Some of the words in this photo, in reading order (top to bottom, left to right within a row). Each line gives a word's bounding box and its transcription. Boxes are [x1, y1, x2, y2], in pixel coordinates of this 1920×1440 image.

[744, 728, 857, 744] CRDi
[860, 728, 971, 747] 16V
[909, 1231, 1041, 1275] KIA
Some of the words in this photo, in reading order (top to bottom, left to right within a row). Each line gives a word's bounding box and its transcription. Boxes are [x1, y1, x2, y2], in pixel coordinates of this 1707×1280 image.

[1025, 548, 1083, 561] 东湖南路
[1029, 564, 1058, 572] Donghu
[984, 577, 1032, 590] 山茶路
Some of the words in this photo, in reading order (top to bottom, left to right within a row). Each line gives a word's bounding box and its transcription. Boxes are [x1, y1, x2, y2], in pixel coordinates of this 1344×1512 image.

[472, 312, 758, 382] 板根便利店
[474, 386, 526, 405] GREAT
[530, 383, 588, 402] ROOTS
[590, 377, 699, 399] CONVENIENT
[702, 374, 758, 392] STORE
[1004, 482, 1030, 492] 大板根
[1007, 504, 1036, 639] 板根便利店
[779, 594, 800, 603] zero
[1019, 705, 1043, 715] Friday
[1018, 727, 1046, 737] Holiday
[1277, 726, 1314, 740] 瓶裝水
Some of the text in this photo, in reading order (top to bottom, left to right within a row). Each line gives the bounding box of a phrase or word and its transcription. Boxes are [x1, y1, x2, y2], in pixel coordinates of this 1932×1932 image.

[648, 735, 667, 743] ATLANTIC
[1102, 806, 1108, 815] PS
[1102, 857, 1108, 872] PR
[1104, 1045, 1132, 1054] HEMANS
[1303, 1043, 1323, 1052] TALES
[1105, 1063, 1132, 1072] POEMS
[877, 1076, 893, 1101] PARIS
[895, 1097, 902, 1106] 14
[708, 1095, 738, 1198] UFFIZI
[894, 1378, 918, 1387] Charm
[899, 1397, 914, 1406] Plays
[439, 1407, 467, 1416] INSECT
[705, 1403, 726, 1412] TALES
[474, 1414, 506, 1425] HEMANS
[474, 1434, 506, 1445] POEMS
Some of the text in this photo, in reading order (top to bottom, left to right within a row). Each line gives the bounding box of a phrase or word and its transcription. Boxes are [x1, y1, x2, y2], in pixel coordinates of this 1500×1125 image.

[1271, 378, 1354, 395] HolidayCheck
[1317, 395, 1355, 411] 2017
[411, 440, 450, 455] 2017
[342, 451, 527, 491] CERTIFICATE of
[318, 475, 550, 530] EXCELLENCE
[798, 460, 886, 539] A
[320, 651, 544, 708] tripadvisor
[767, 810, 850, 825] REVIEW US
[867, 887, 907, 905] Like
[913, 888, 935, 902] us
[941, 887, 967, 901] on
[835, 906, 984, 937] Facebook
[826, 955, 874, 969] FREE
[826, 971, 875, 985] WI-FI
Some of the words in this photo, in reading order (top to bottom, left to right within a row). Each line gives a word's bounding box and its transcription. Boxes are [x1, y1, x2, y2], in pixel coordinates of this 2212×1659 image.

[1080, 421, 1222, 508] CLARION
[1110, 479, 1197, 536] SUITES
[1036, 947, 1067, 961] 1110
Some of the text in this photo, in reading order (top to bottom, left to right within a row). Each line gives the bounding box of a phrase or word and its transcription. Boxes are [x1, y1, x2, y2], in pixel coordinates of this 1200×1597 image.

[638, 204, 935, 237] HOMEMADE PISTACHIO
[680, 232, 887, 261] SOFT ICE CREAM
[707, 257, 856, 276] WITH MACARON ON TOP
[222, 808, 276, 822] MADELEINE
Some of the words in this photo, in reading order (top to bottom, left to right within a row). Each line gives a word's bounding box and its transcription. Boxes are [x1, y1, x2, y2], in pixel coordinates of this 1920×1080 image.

--------------------------------

## Task item
The full listing above is to be transcribed exactly.

## Expected answer
Some of the words in this photo, in reading order (top to bottom, left to right within a row). Each line gives a word's bounding box and its transcription. Boxes are [x1, y1, x2, y2], in pixel coordinates of this 1920×1440 image.

[744, 728, 857, 744] CRDi
[860, 728, 971, 747] 16V
[909, 1231, 1041, 1275] KIA
Some of the words in this photo, in reading order (top to bottom, left to right within a row). Each line gives a word's bounding box and its transcription. Boxes are [x1, y1, x2, y2], in pixel coordinates of this 1707×1280 image.

[1025, 548, 1083, 561] 东湖南路
[1029, 564, 1058, 572] Donghu
[984, 577, 1032, 590] 山茶路
Some of the words in this photo, in reading order (top to bottom, left to right within a row). Each line gives a word's bounding box and its transcription. Boxes are [x1, y1, x2, y2], in pixel coordinates of this 1344×1512 image.

[472, 312, 758, 382] 板根便利店
[474, 386, 526, 405] GREAT
[530, 383, 588, 402] ROOTS
[590, 377, 699, 399] CONVENIENT
[702, 374, 758, 392] STORE
[1004, 482, 1030, 492] 大板根
[1007, 504, 1036, 639] 板根便利店
[779, 594, 800, 603] zero
[1019, 705, 1043, 715] Friday
[1018, 727, 1046, 737] Holiday
[1277, 726, 1314, 740] 瓶裝水
Some of the text in this photo, in reading order (top to bottom, left to right within a row). Each line gives the bounding box of a phrase or word and its transcription. Boxes are [x1, y1, x2, y2], in pixel coordinates of this 1932×1932 image.

[648, 735, 667, 743] ATLANTIC
[1102, 806, 1108, 815] PS
[1102, 857, 1108, 872] PR
[1104, 1045, 1132, 1054] HEMANS
[1303, 1043, 1323, 1052] TALES
[1105, 1063, 1132, 1072] POEMS
[877, 1076, 893, 1101] PARIS
[895, 1097, 902, 1106] 14
[708, 1095, 738, 1198] UFFIZI
[894, 1378, 918, 1387] Charm
[899, 1397, 914, 1406] Plays
[439, 1407, 467, 1416] INSECT
[705, 1403, 726, 1412] TALES
[474, 1414, 506, 1425] HEMANS
[474, 1434, 506, 1445] POEMS
Some of the text in this photo, in reading order (top to bottom, left to right within a row). Each line gives the bounding box of a phrase or word and its transcription. Boxes are [x1, y1, x2, y2], in pixel coordinates of this 1500×1125 image.

[1271, 378, 1354, 395] HolidayCheck
[1317, 395, 1355, 411] 2017
[411, 440, 450, 455] 2017
[342, 451, 527, 491] CERTIFICATE of
[318, 475, 550, 530] EXCELLENCE
[798, 460, 886, 539] A
[320, 651, 544, 708] tripadvisor
[767, 810, 850, 825] REVIEW US
[867, 887, 907, 905] Like
[913, 888, 935, 902] us
[941, 887, 967, 901] on
[835, 906, 984, 937] Facebook
[826, 955, 874, 969] FREE
[826, 971, 875, 985] WI-FI
Some of the words in this photo, in reading order (top to bottom, left to right within a row). Each line gives a word's bounding box and its transcription. Boxes are [x1, y1, x2, y2], in pixel coordinates of this 2212×1659 image.

[1080, 421, 1222, 508] CLARION
[1110, 479, 1197, 536] SUITES
[1036, 947, 1067, 961] 1110
Some of the text in this photo, in reading order (top to bottom, left to right within a row). Each line gives the bounding box of a phrase or word and its transcription. Boxes are [x1, y1, x2, y2], in pixel coordinates of this 1200×1597 image.

[638, 204, 935, 237] HOMEMADE PISTACHIO
[680, 232, 887, 261] SOFT ICE CREAM
[707, 257, 856, 276] WITH MACARON ON TOP
[222, 808, 276, 822] MADELEINE
Some of the words in this photo, in reading order (top to bottom, left to right within a row). Each line gives a word's bounding box and its transcription. Boxes are [x1, y1, x2, y2], in pixel coordinates of this 1920×1080 image.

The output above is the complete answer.